Jan 15 2010
Giuseppe Paternò is known in the computer industry with the nickname of Gippa. Computer enthusiast since the age of 7, he actively participates in the italian security community, with particular regards to the famous “sikurezza.org”. As an expert in computer architecture, he works within the most famous italian and foreign companies in the telecommunications, government and finance industries.
Giuseppe started participating in the development of the Italian telecommunication network since he was 15 years old by first entering the world of the BBS as a sysop of different boards. While in the BBS world, he started his roots in the Internet first through the BBS Galactica, then being part of a small ISP named Datanord Multimedia. By that time (1995), he joined the “newly born” Italian Naming Authority for the operation and rules of the “.it” domains, along with the famous italian Internet founders, i.e. Allocchio Claudio, Daniele Vannozzi, Joy Marino and Marco Negri. Due to his works and the fewer and fewer technical content of the Naming Authority, he has decided to retire from active participation, although he’s still with the MAIL-ITA (ITA ex-PE).
It is in this time-frame that Giuseppe entered the security world: the servers under his control were compromised by some crackers. To protect his systems, he begun to study the core behaviour of the Cisco routers and Unix systems, most notably Linux.
In 1996 he joined IBM, where he worked as a specialist on AS/400 networking and Internet systems, followed by one year of assignment at Lotus Software in Dublin as a cross-platform specialist. It’s in Ireland that Giuseppe becomes aware of the mailing list “sikurezza.org” and knew some of the founders. The “Dublin period” is the one in which Giuseppe understood his attitude towards in-deep security.
Back to Italy in 2001, after a short period in Infostrada/Wind as a core Internet router/system senior administrator, Giuseppe was hired by Sun Microsystems as a Senior Network and Security Architect. He begun to attend big enterprise environments such as telcos and banks, both domestic and international, working on major projects. From 2006 to 2010 became Solution Architect at Red Hat, with the task of being the focal point of security in EMEA.
He collaborated on major projects such as creation of the standard for J2ME Over-The-Air (OTA) provisioning along with Vodafone, the study of architecture and standards for the delivery of MHP applications for the digital terrestrial television (DTT) on behalf of DTT Lab (Telecom Italia/LA7) and implementation of HLR for Vodafone landline services.
His project of protecting confidential files in a government agency will lead him to SMAU in 2008 with the speech “Protecting confidential files from unauthorized use with SE-Linux, a case study”: whitepapers and slides which are available on this website.

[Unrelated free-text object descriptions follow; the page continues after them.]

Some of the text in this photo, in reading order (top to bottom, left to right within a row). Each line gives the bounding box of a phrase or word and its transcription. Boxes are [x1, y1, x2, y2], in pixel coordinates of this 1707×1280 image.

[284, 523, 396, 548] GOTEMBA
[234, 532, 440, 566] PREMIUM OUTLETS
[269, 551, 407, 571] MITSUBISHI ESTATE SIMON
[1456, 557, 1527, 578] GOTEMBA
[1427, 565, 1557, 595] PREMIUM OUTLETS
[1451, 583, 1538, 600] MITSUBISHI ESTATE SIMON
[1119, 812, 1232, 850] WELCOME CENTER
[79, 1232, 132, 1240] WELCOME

In June 2009 he was appointed Visiting Researcher at the University of Dublin Trinity College at the Center for Telecommunications Value-Chain Research (CTVR).
Writing and quotes
Giuseppe Paterno’ wrote several publications, mainly on computer security. Every publication is distributed free of charge, without the author perceived any rewards. Giuseppe thinks that the knowledge is like open source software: the philosophy behind is that knowledge is similar to what is behind open source.

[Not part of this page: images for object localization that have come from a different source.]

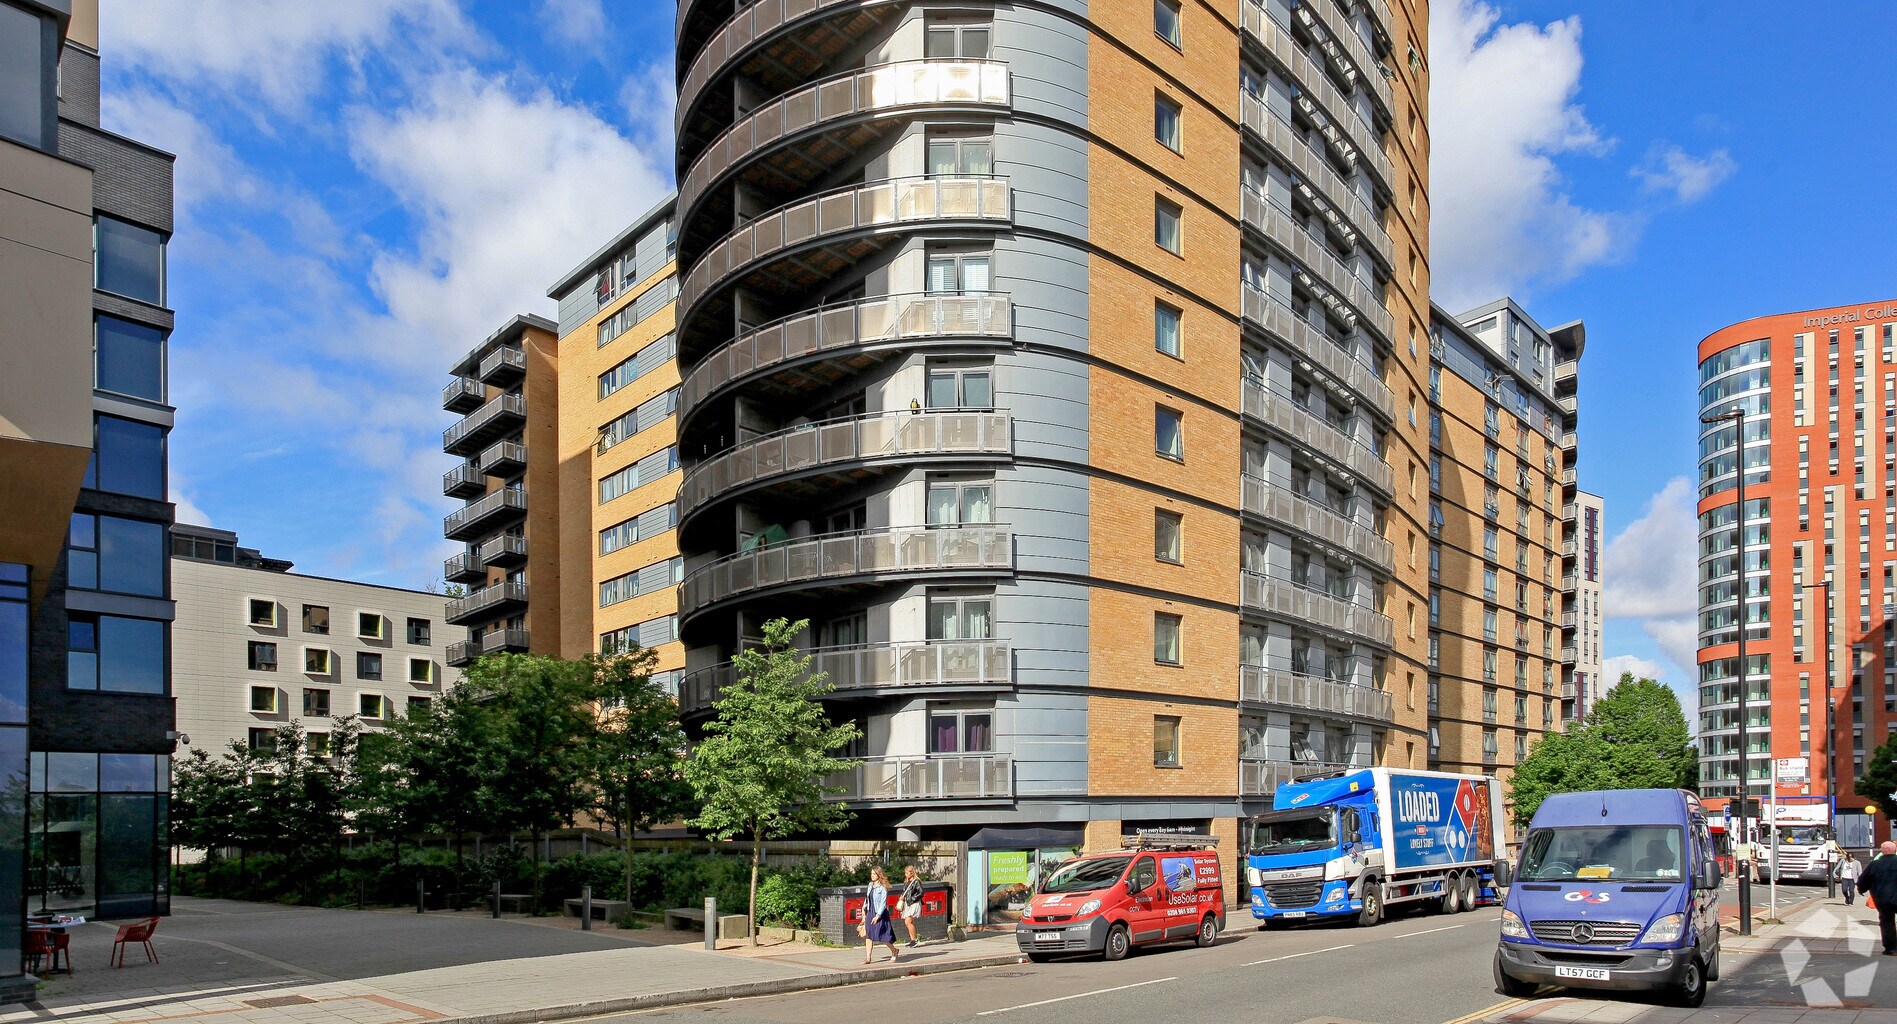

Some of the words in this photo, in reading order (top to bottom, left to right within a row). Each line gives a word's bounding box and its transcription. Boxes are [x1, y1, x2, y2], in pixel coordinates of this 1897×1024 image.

[1804, 310, 1860, 329] Imperial
[1398, 790, 1440, 823] LOADED
[993, 856, 1025, 865] Freshly
[993, 866, 1025, 874] prepared
[1168, 892, 1214, 905] UseSolar.co.uk
[1564, 890, 1610, 903] G4S
[1559, 967, 1584, 977] LT57
[1586, 969, 1606, 978] GCF

Following this philosophy, even his two books are distributed in “dual license” mode, i.e. both electronic and in printed form. In the latter form, he reached an agreement with a publisher that would allow him to retain both forms, giving up his earnings.
His Internet Draft “Using PPP-over-Ethernet (PPPoE) in Wireless LANs” is cited by the University of Southampton as a possible authentication method for the “Mobile Ad-Hoc Wireless Access in Academia (Mawa)”, stating that the same methodology was in use at the time of writing by the University of Bristol. The methodology will also cited in a speech of blackhats as a best practice to secure wireless networks. Contacted by representatives of Microsoft and Cisco Systems on the subject, he agreed with them that the technology IEEE 802.1x to strive to be the best and he refrained to go on with the process of submission of the document.
Apple is adopting Giuseppe’s Internet Draft “DHCP Option for LDAP Directory Services discovery” in Mac OS X for automatic discovery of Apple’s Open Directory servers, although not officially confirmed.
His books “Wireless LAN Security” and “Single Sign-On with Kerberos and LDAP” have been quoted by major sites and speakers. They were used as references in some Italian and foreign thesis and recommended by some italian regions as a best practice for their small and medium business (SMB). The books are also mentioned in the Operating Systems course at the University of Brescia. Giuseppe teached wireless security at the master of computer security at the Politecnico di Milano (CEFRIEL) and helped several students to write their thesis on a free basis.
Most of his whitepapers are cited by personal websites and other whitepapers.